Zusammenfassung Die Zähne sind Organe, die aus ektodermalen epithelialen Aussackungen im Bereich des 1. Kiemenbogens entstehen, gesteuert von epitheliomesenchymalen Interaktionen. Dabei spielen zahlreiche Signalmoleküle speziell der 4 großen Familien TGF-β, FGF, Hedgehog und WNT sowie diverse Transkriptionsfaktoren eine Rolle. Eine Beteiligung der Retinoide an der Odontogenese ist durch umfangreiche Befunde belegt, auch wenn die Inaktivierung relevanter Gene in Mausmodellen meist keine Zahnanomalien verursacht. Die Zahnentwicklung wird klassischerweise in verschiedene Stadien eingeteilt: Entstehung der Zahnleiste, der Zahnknospe, der Schmelzkappe, der Schmelzglocke, die Wurzelbildung und der Zahndurchbruch. Anomalien der Zahnentwicklung können isoliert oder gemeinsam mit anderen Symptomen im Zusammenhang mit Syndromen auftreten.

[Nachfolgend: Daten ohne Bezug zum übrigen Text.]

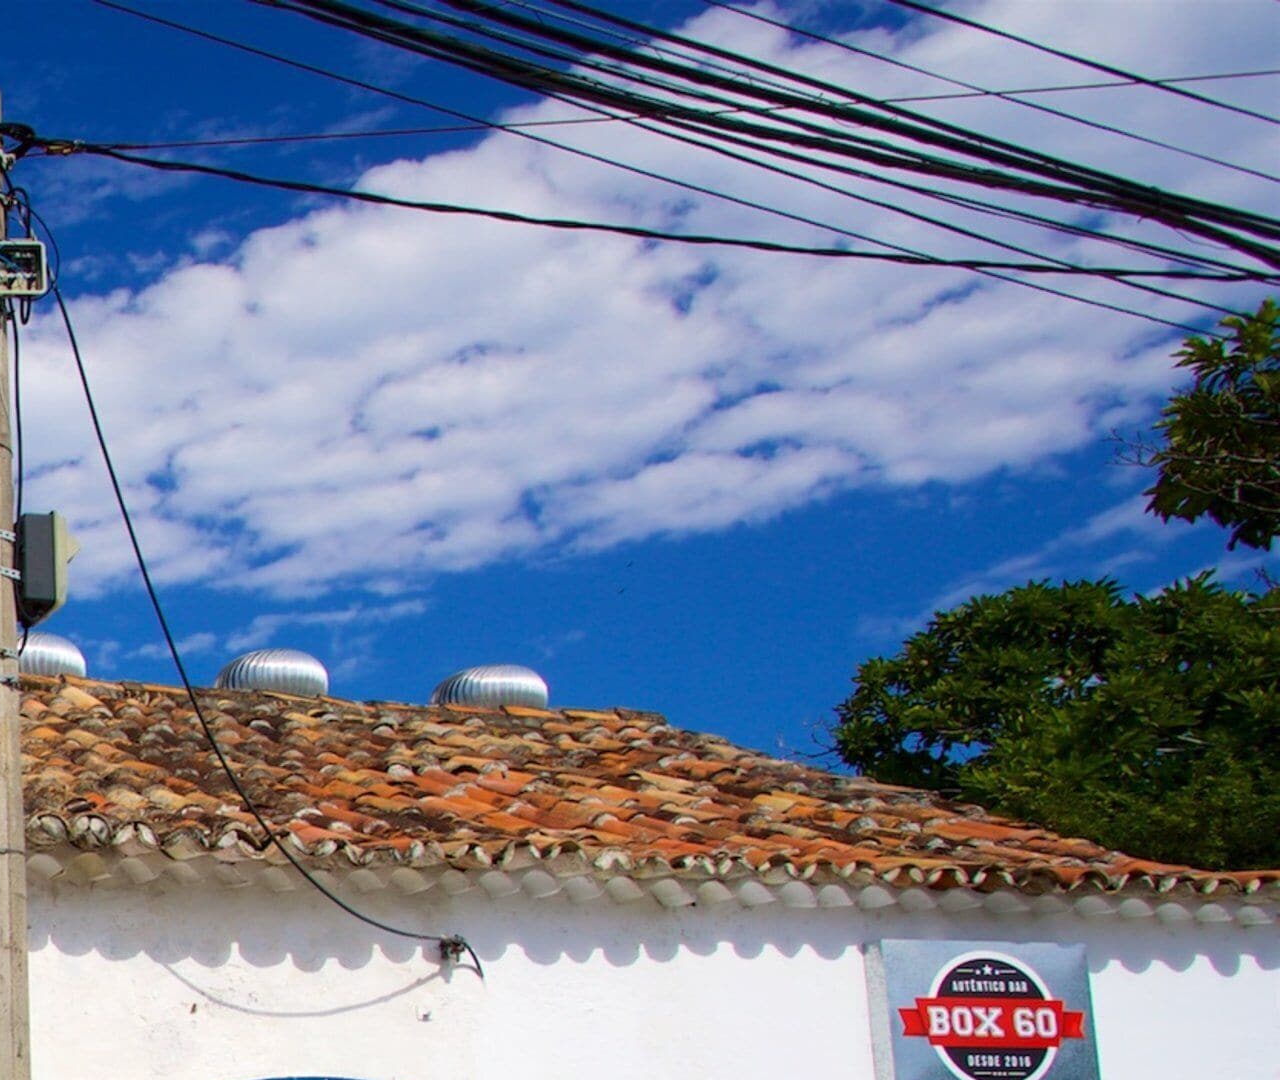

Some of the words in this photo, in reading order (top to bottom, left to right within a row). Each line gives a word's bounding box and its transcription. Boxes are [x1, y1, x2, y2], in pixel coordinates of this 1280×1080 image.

Sie können genetisch bedingt sein oder unter Einwirkung teratogener Stoffe während der Bildung und Mineralisierung der Zahnkeime zustande kommen. Dentibukkale Entwicklungsanomalien treten im Kontext seltener Erkrankungen auf und finden zunehmend Beachtung, da sie bei bestimmten Erkrankungen in der Diagnostik und als prädikative Faktoren wichtige Anhaltspunkte geben können. Allerdings ist hierfür eine interdisziplinäre und internationale Kooperation notwendig, die bislang erst in Ansätzen verwirklicht wurde.